# [What is needed]
Transcribe the entire listing exactly.

# [Source data]
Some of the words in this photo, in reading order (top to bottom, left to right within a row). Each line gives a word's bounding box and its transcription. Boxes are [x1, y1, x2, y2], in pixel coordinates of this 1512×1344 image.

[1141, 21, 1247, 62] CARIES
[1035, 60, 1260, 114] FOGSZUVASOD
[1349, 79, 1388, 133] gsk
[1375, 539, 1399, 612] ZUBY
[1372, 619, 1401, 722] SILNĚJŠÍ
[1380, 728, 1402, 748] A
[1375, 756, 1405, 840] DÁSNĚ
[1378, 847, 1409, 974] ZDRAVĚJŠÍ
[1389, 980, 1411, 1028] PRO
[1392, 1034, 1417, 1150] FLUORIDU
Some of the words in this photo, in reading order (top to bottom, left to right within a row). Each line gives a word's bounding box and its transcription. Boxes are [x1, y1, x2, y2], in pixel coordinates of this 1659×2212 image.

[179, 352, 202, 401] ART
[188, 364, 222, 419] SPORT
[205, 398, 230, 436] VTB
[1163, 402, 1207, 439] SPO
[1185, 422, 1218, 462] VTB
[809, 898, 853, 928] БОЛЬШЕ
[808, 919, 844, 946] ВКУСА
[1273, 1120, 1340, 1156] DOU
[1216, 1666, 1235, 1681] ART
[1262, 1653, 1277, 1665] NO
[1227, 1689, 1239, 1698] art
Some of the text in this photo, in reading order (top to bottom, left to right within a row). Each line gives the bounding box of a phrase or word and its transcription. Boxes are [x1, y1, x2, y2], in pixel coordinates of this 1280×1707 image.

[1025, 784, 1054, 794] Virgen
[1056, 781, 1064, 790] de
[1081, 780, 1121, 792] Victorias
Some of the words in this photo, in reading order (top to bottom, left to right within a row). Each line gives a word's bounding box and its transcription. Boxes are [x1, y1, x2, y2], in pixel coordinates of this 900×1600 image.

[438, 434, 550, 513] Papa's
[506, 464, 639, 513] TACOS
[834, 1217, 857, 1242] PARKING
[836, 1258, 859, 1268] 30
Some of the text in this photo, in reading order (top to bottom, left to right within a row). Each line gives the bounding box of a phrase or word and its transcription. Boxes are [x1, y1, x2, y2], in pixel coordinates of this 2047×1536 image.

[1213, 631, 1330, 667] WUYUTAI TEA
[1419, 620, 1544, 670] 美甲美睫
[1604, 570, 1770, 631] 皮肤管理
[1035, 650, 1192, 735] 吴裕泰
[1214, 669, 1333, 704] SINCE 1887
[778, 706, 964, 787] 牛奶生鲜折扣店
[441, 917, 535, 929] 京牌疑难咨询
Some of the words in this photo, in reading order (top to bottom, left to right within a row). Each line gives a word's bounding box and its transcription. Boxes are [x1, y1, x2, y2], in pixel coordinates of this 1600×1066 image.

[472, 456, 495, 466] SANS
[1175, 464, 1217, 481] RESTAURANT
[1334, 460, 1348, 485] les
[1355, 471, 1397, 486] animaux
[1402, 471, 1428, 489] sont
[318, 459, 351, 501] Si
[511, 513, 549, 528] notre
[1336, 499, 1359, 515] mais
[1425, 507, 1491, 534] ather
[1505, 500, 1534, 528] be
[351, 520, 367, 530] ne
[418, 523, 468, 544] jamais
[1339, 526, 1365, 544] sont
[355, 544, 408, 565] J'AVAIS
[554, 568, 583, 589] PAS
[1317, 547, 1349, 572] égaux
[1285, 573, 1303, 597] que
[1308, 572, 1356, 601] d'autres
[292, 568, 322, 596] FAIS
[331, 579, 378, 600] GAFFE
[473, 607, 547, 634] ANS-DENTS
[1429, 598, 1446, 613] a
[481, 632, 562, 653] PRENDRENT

# [Finished task]
Some of the words in this photo, in reading order (top to bottom, left to right within a row). Each line gives a word's bounding box and its transcription. Boxes are [x1, y1, x2, y2], in pixel coordinates of this 1512×1344 image.

[1141, 21, 1247, 62] CARIES
[1035, 60, 1260, 114] FOGSZUVASOD
[1349, 79, 1388, 133] gsk
[1375, 539, 1399, 612] ZUBY
[1372, 619, 1401, 722] SILNĚJŠÍ
[1380, 728, 1402, 748] A
[1375, 756, 1405, 840] DÁSNĚ
[1378, 847, 1409, 974] ZDRAVĚJŠÍ
[1389, 980, 1411, 1028] PRO
[1392, 1034, 1417, 1150] FLUORIDU
Some of the words in this photo, in reading order (top to bottom, left to right within a row). Each line gives a word's bounding box and its transcription. Boxes are [x1, y1, x2, y2], in pixel coordinates of this 1659×2212 image.

[179, 352, 202, 401] ART
[188, 364, 222, 419] SPORT
[205, 398, 230, 436] VTB
[1163, 402, 1207, 439] SPO
[1185, 422, 1218, 462] VTB
[809, 898, 853, 928] БОЛЬШЕ
[808, 919, 844, 946] ВКУСА
[1273, 1120, 1340, 1156] DOU
[1216, 1666, 1235, 1681] ART
[1262, 1653, 1277, 1665] NO
[1227, 1689, 1239, 1698] art
Some of the text in this photo, in reading order (top to bottom, left to right within a row). Each line gives the bounding box of a phrase or word and its transcription. Boxes are [x1, y1, x2, y2], in pixel coordinates of this 1280×1707 image.

[1025, 784, 1054, 794] Virgen
[1056, 781, 1064, 790] de
[1081, 780, 1121, 792] Victorias
Some of the words in this photo, in reading order (top to bottom, left to right within a row). Each line gives a word's bounding box and its transcription. Boxes are [x1, y1, x2, y2], in pixel coordinates of this 900×1600 image.

[438, 434, 550, 513] Papa's
[506, 464, 639, 513] TACOS
[834, 1217, 857, 1242] PARKING
[836, 1258, 859, 1268] 30
Some of the text in this photo, in reading order (top to bottom, left to right within a row). Each line gives the bounding box of a phrase or word and its transcription. Boxes are [x1, y1, x2, y2], in pixel coordinates of this 2047×1536 image.

[1213, 631, 1330, 667] WUYUTAI TEA
[1419, 620, 1544, 670] 美甲美睫
[1604, 570, 1770, 631] 皮肤管理
[1035, 650, 1192, 735] 吴裕泰
[1214, 669, 1333, 704] SINCE 1887
[778, 706, 964, 787] 牛奶生鲜折扣店
[441, 917, 535, 929] 京牌疑难咨询
Some of the words in this photo, in reading order (top to bottom, left to right within a row). Each line gives a word's bounding box and its transcription. Boxes are [x1, y1, x2, y2], in pixel coordinates of this 1600×1066 image.

[472, 456, 495, 466] SANS
[1175, 464, 1217, 481] RESTAURANT
[1334, 460, 1348, 485] les
[1355, 471, 1397, 486] animaux
[1402, 471, 1428, 489] sont
[318, 459, 351, 501] Si
[511, 513, 549, 528] notre
[1336, 499, 1359, 515] mais
[1425, 507, 1491, 534] ather
[1505, 500, 1534, 528] be
[351, 520, 367, 530] ne
[418, 523, 468, 544] jamais
[1339, 526, 1365, 544] sont
[355, 544, 408, 565] J'AVAIS
[554, 568, 583, 589] PAS
[1317, 547, 1349, 572] égaux
[1285, 573, 1303, 597] que
[1308, 572, 1356, 601] d'autres
[292, 568, 322, 596] FAIS
[331, 579, 378, 600] GAFFE
[473, 607, 547, 634] ANS-DENTS
[1429, 598, 1446, 613] a
[481, 632, 562, 653] PRENDRENT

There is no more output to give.